Auch wenn man ein Instrument schon lange kennt, kann man doch auch nach Jahren immer noch wieder neue Seiten an ihm entdecken – und das in besonderem Maße bei einem so vielseitigen und vielschichtigen Instrument wie der Orgel.
„Meine“ Orgel in St. Viktor Damme hat vor rund drei Wochen
von der betreuenden Orgelbaufirma Fleiter in Münster nochmal eine kleine Überarbeitung erfahren – ein relativ kleiner Eingriff aber mit großer Wirkung!
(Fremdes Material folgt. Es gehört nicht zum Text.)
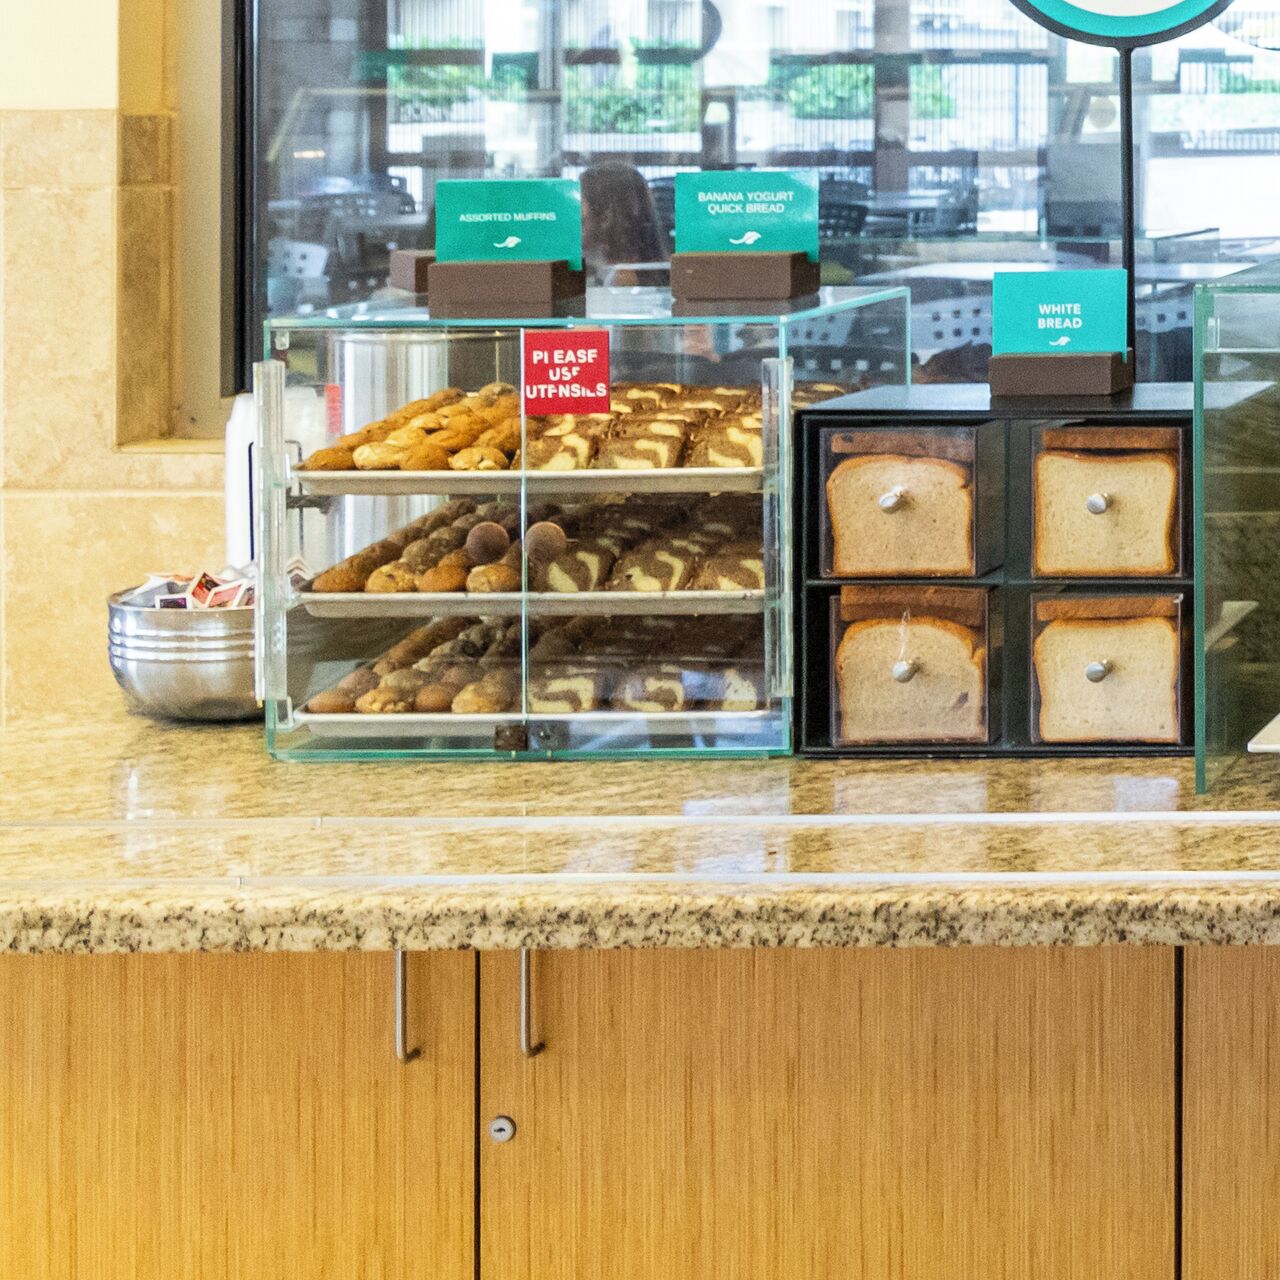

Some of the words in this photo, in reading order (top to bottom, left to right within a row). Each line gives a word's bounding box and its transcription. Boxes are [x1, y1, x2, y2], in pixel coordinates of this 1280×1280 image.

[698, 191, 744, 202] BANANA
[746, 191, 794, 202] YOGURT
[707, 203, 743, 215] QUICK
[745, 203, 785, 214] BREAD
[459, 213, 512, 222] ASSORTED
[513, 211, 557, 222] MUFFINS
[1038, 303, 1082, 315] WHITE
[1037, 317, 1083, 329] BREAD
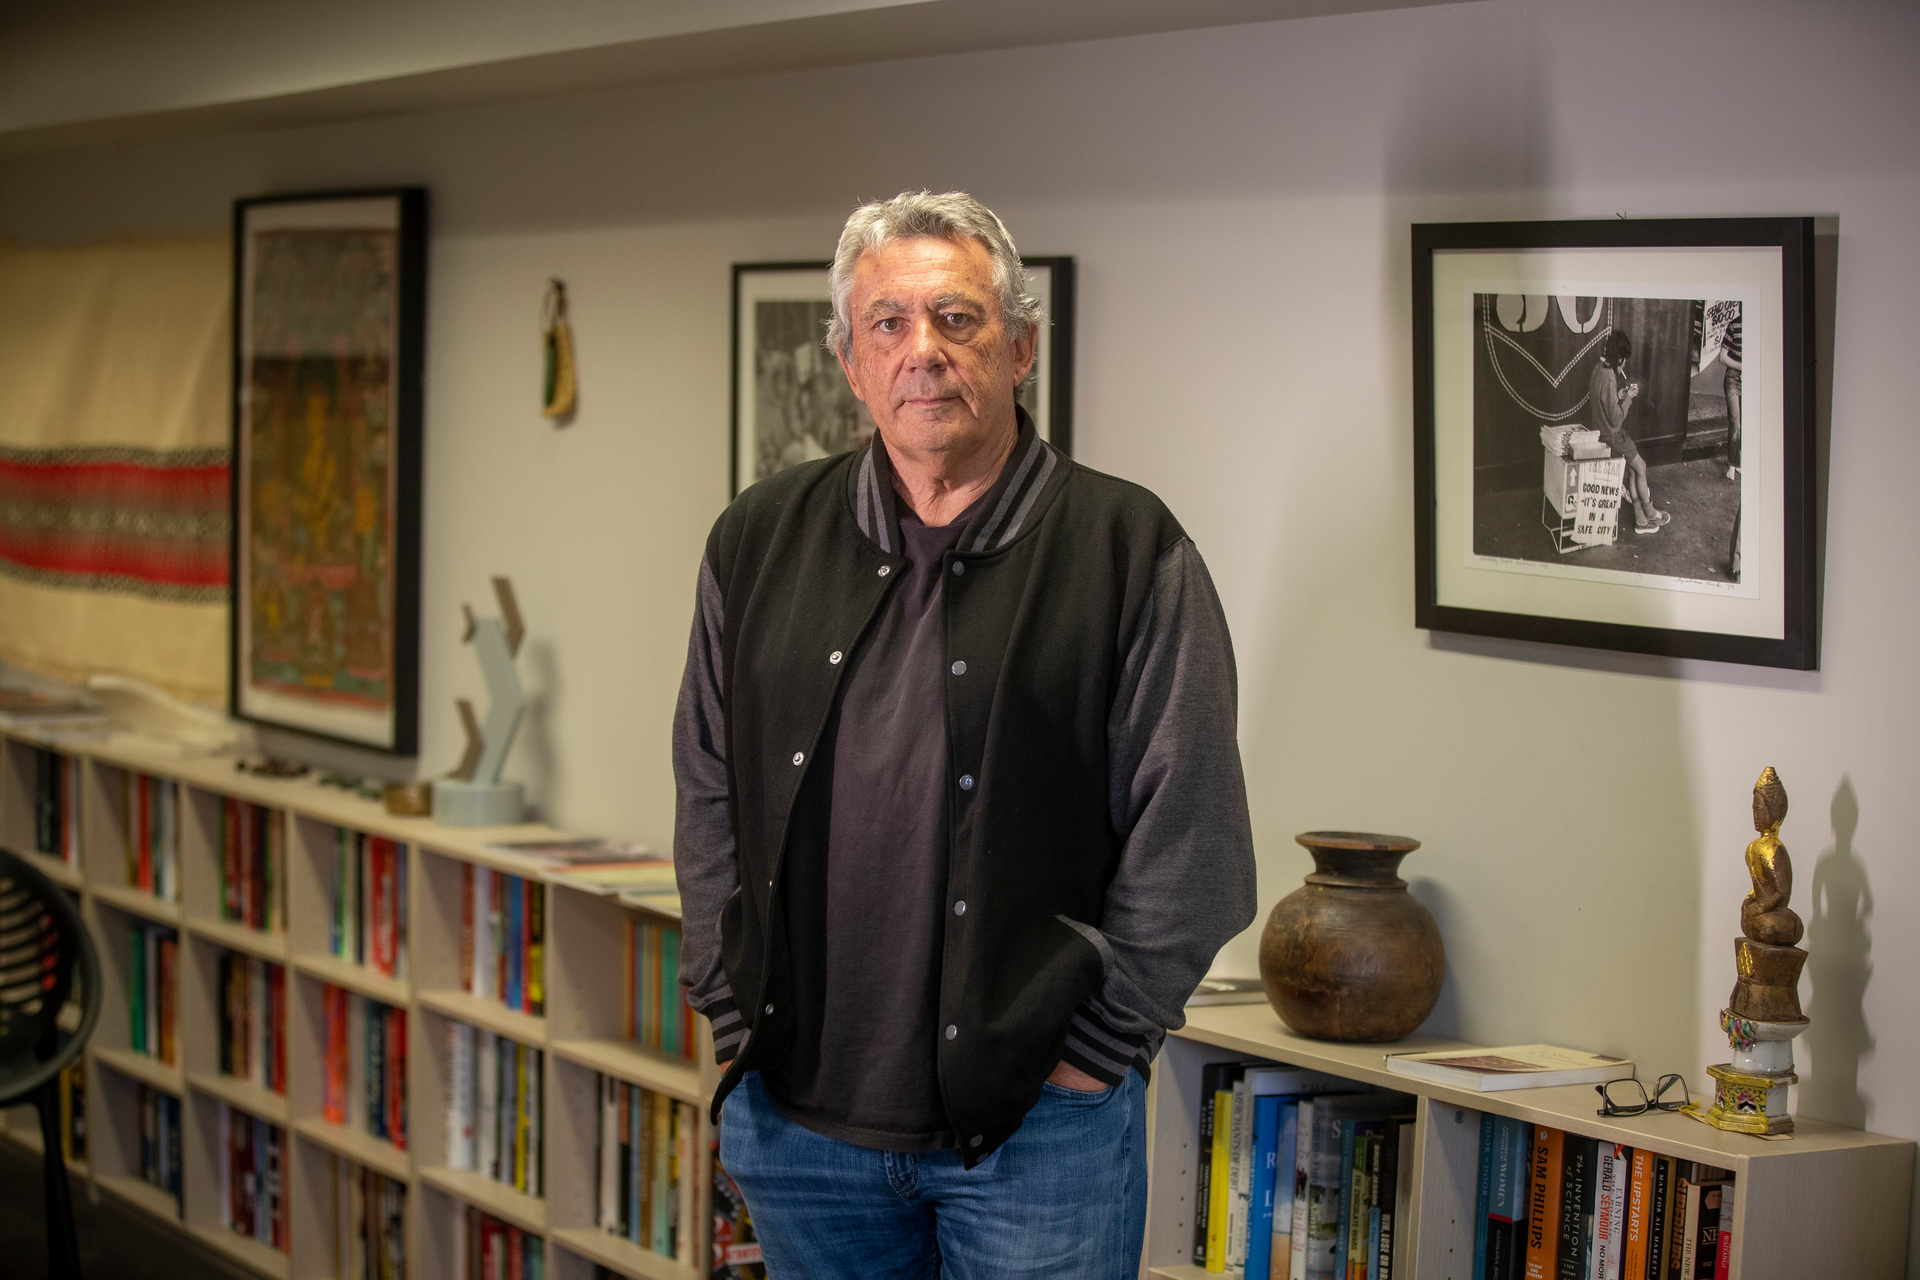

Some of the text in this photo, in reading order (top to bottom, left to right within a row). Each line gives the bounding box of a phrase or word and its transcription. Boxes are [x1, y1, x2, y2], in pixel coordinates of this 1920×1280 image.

[1583, 483, 1619, 496] GOOD NEWS
[1598, 500, 1617, 509] GREAT
[1577, 525, 1611, 534] SAFE CITY
[1589, 513, 1604, 521] IN A
[1230, 1092, 1244, 1192] MERCHANTS OF DEBT
[1481, 1164, 1490, 1197] DOOR
[1497, 1163, 1508, 1208] WOMEN
[1634, 1155, 1644, 1178] THE
[1352, 1189, 1360, 1228] CHOCOLATE
[1530, 1146, 1548, 1249] SAM PHILLIPS
[1563, 1166, 1573, 1240] of SCIENCE
[1571, 1178, 1582, 1256] INVENTION
[1598, 1156, 1613, 1240] GERALD SEYMOUR
[1613, 1188, 1623, 1234] EARNING
[1629, 1181, 1641, 1242] UPSTARTS
[1379, 1214, 1390, 1280] WIN, LOSE OR DR
[1599, 1245, 1606, 1257] NO
[1721, 1235, 1729, 1269] WAITANGI
Schon auf der LP-Aufnahme mit Widors 1. Symphonie, die 1976 ein Jahr nach dem Bau der Orgel
eingespielt wurde, ist an einigen Stellen der Winddruck-Verlust im Schwellwerk zu hören, der teilweise zu Verstimmungen führte. Seit vielen Jahren stellte das ein massives Problem bei der Orgel
dar, so dass das Schwellwerk nie uneingeschränkt registriert werden konnte – oft habe ich es nur als „färbendes Beiwerk“ ans Hauptwerk gekoppelt oder im Grundstimmenbereich so viel wie möglich
„windfressende“ Register abgestoßen; auch die Aliquoten waren im Plenum kaum nutzbar, vom 16'-Bordun (dem einzigen labialen 16' in den Manualen) ganz zu schweigen, da er alle anderen Register „in
die Knie zwang“…
Als die Orgel 2013 durch Fleiter saniert wurde, haben wir versucht, dem Problem durch Schmaler-Schneiden der Tonventile beizukommen, was aber nur von mäßigem Erfolg gekrönt war.
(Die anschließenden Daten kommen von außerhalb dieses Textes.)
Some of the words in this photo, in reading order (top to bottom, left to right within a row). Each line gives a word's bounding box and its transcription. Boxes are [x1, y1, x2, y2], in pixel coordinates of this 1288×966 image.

Die jetzt durchgeführte Maßnahme stand schon länger im Raume: Das Schwellwerk erhielt nun einen komplett neuen Windladenbalg (als großen Schwimmerbalg im mittleren Untergehäuse). Außerdem wird
die große Oktave des Bordun 16' nun mit Einzeltonladen angesteuert, die ihre Windversorgung vom Hauptwerk erhalten. Systembedingt gab’s auch einen neuen Tremulant als Auslasstremulant.
Das Ergebnis ist überwältigend: Erstmals seit 46 Jahren ist die Orgel jetzt in ihrem ganzen Klangfarbenreichtum nutzbar. In den letzten Wochen habe ich die verschiedenen neuen Möglichkeiten nach
und nach erkundet und versucht, bis an die Grenzen zu führen: Es gibt keinerlei Winddruckabfall, keinerlei (windbedingte) Verstimmungen mehr! Ich kann jetzt Registerkombinationen nutzen, die
vorher undenkbar waren! Besondere Freude bereitet mir auch der neue Tremulant, der einen „edleren“ Klang erzeugt als sein Vorgänger und zudem geräuschärmer arbeitet.
Nachdem ich dann heute Vormittag noch die elektrischen Koppeln nachreguliert habe, so dass sie nun bei allen Tönen voll durchziehen und auch das Glockenspiel auf allen Manualen uneingeschränkt
nutzbar machen, wähne ich mich an „meinem“ Instrument fast wie an einer neuen Orgel!
Ein besonderes „Geschenk“ waren dann heute noch die Vorbereitungen auf das morgigen digitale Kinder-Orgelkonzert „Orgelbauer Fröhlich und die musikalische Zeitreise“. Heute Nachmittag fanden die technischen Vorarbeiten statt; und während sich
Prof. Tomasz Adam Nowak – einer der profiliertesten Orgel-Improvisatoren Deutschlands – an der Orgel „einspielte“, konnte ich das sozusagen als „Privatkonzert“ an meiner „neuen“ Orgel aus dem
Kirchenraum genießen. Sowohl sein Spiel als auch die vielen ungeahnten Klangfarben haben mich fasziniert, so dass ich schon mit großer Vorfreude auf das morgige Konzert blicke.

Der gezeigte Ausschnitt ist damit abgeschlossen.